» **Exercise brief**:
Print out the data precisely as it appears here, with no pictures.

» **Records for this exercise**:
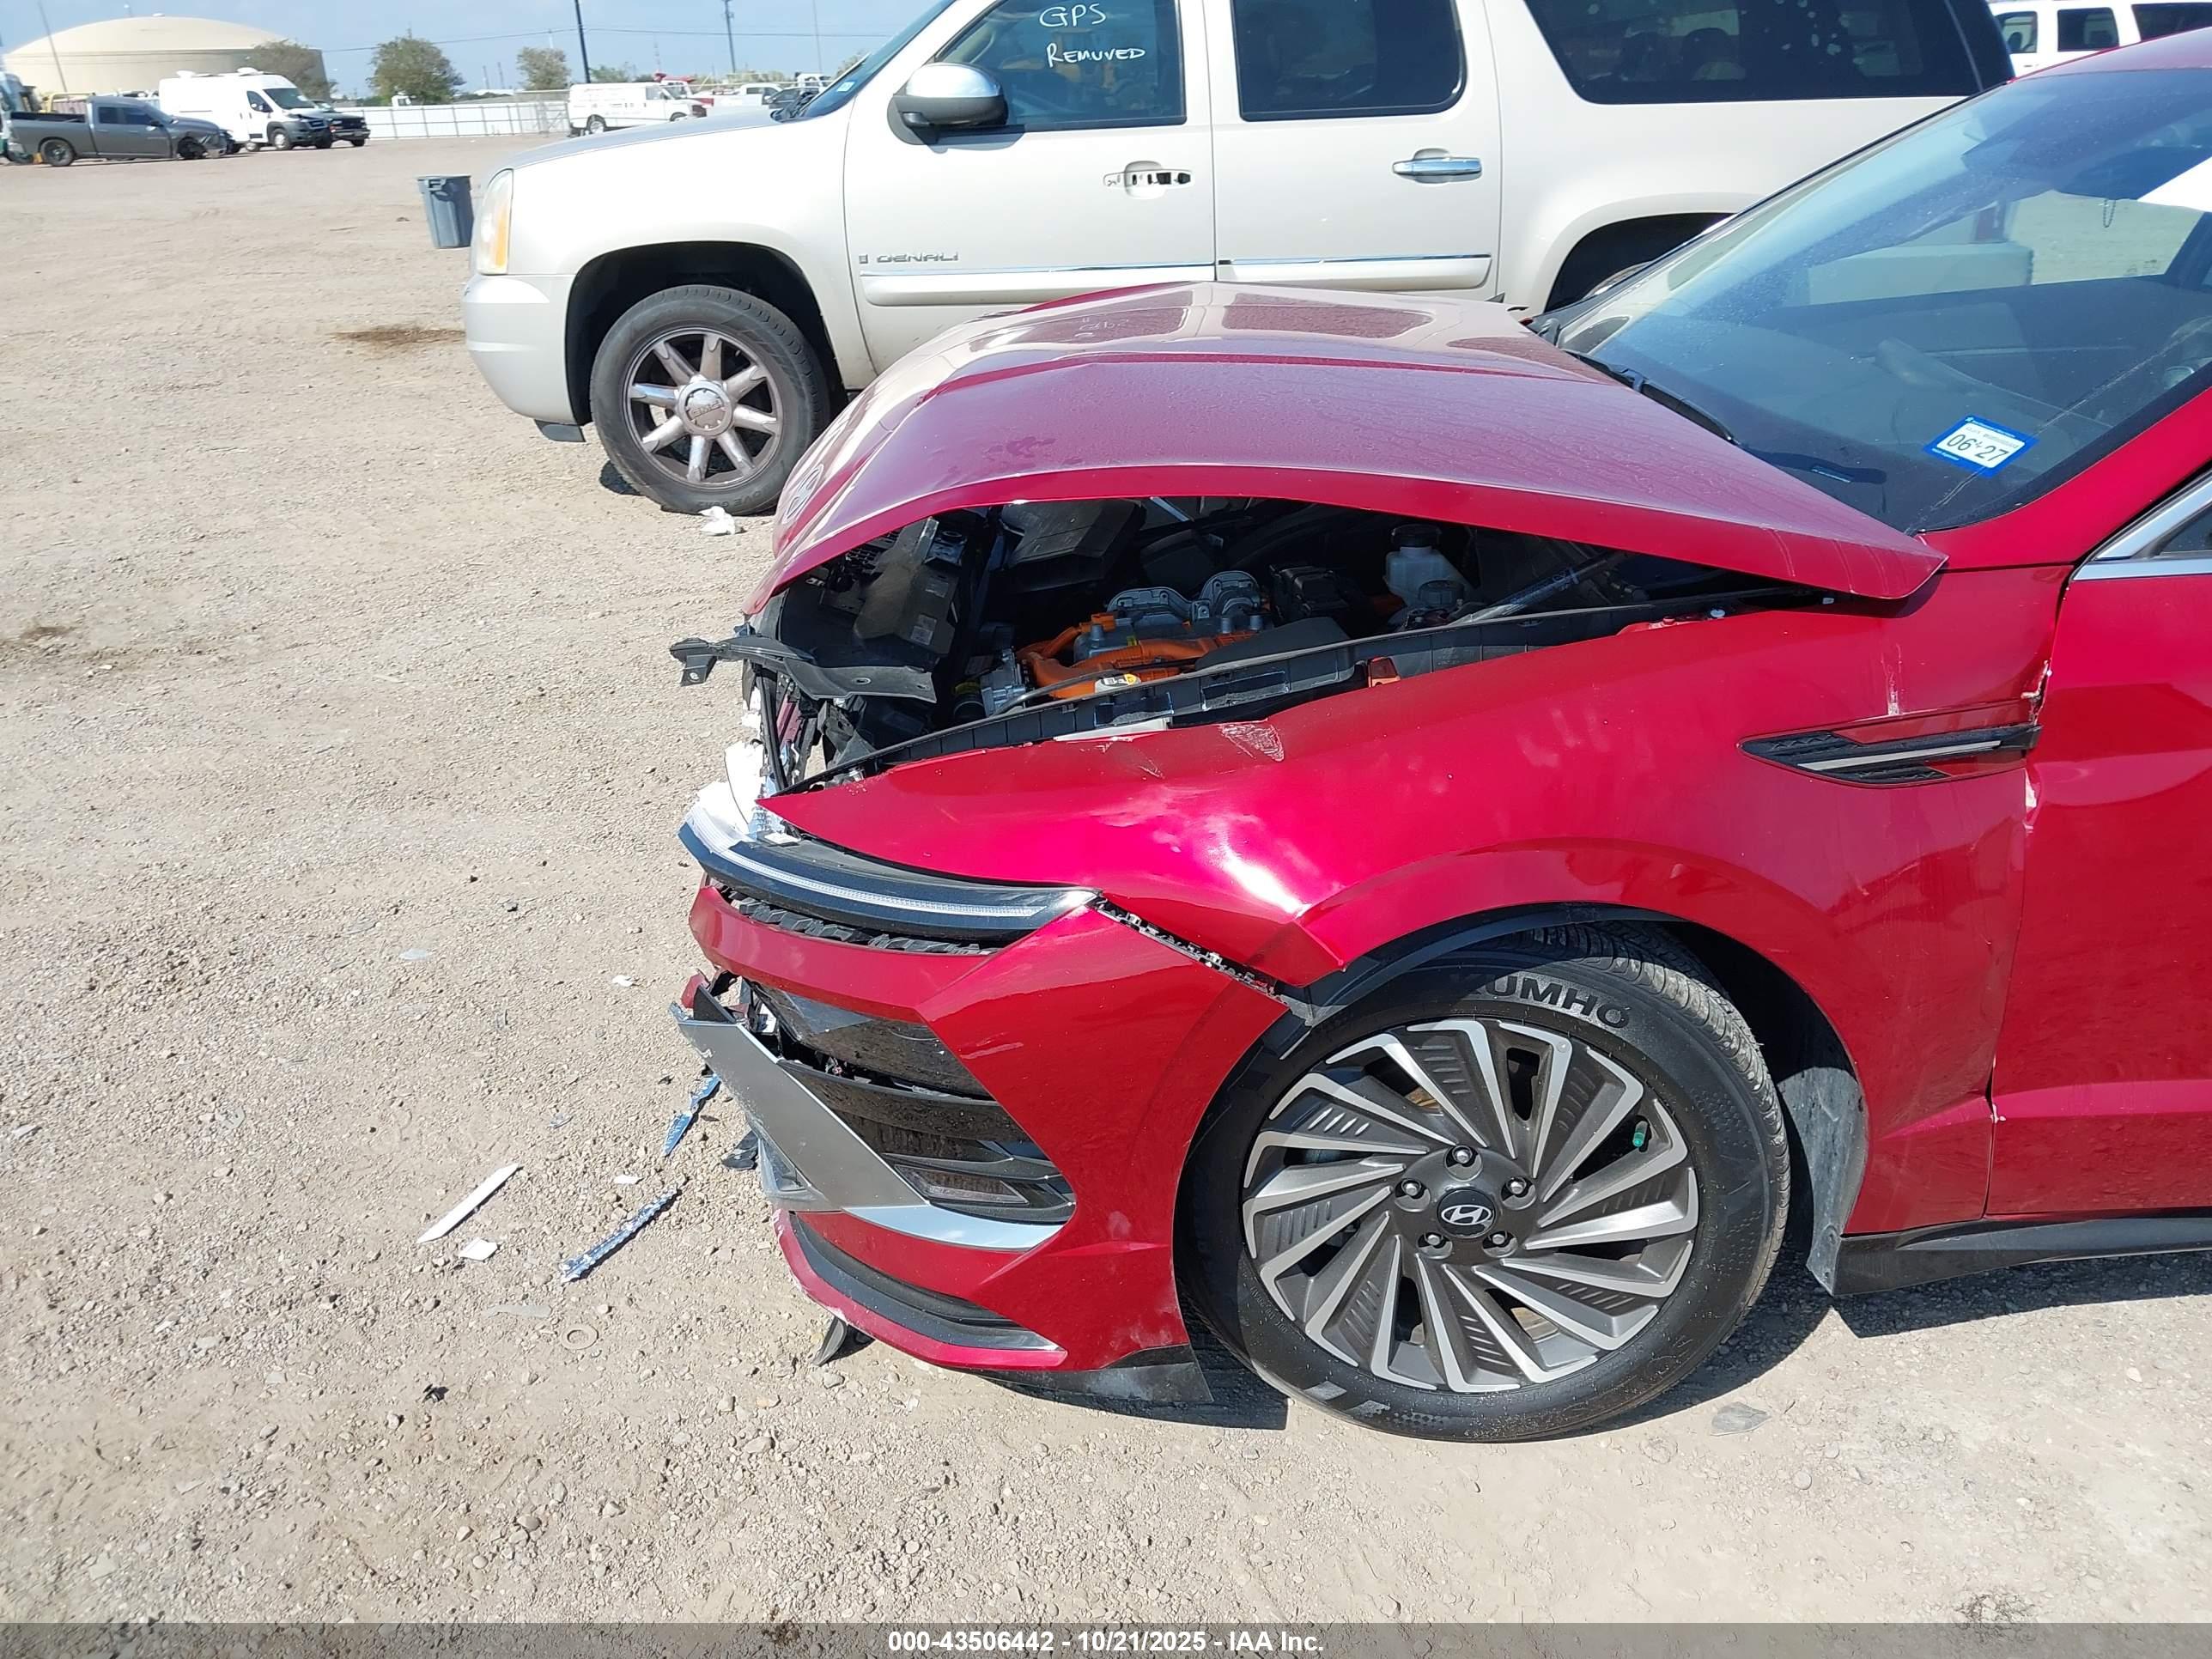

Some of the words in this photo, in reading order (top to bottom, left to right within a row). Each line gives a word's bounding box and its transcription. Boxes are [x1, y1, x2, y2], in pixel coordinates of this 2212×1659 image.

[1039, 3, 1107, 27] GPS
[876, 251, 959, 263] DENALI
[1946, 434, 1978, 452] 06
[1974, 445, 2010, 462] 27
[1470, 975, 1632, 1030] UMHO

» **Response to this exercise**:
Some of the words in this photo, in reading order (top to bottom, left to right within a row). Each line gives a word's bounding box and its transcription. Boxes are [x1, y1, x2, y2], in pixel coordinates of this 2212×1659 image.

[1039, 3, 1107, 27] GPS
[876, 251, 959, 263] DENALI
[1946, 434, 1978, 452] 06
[1974, 445, 2010, 462] 27
[1470, 975, 1632, 1030] UMHO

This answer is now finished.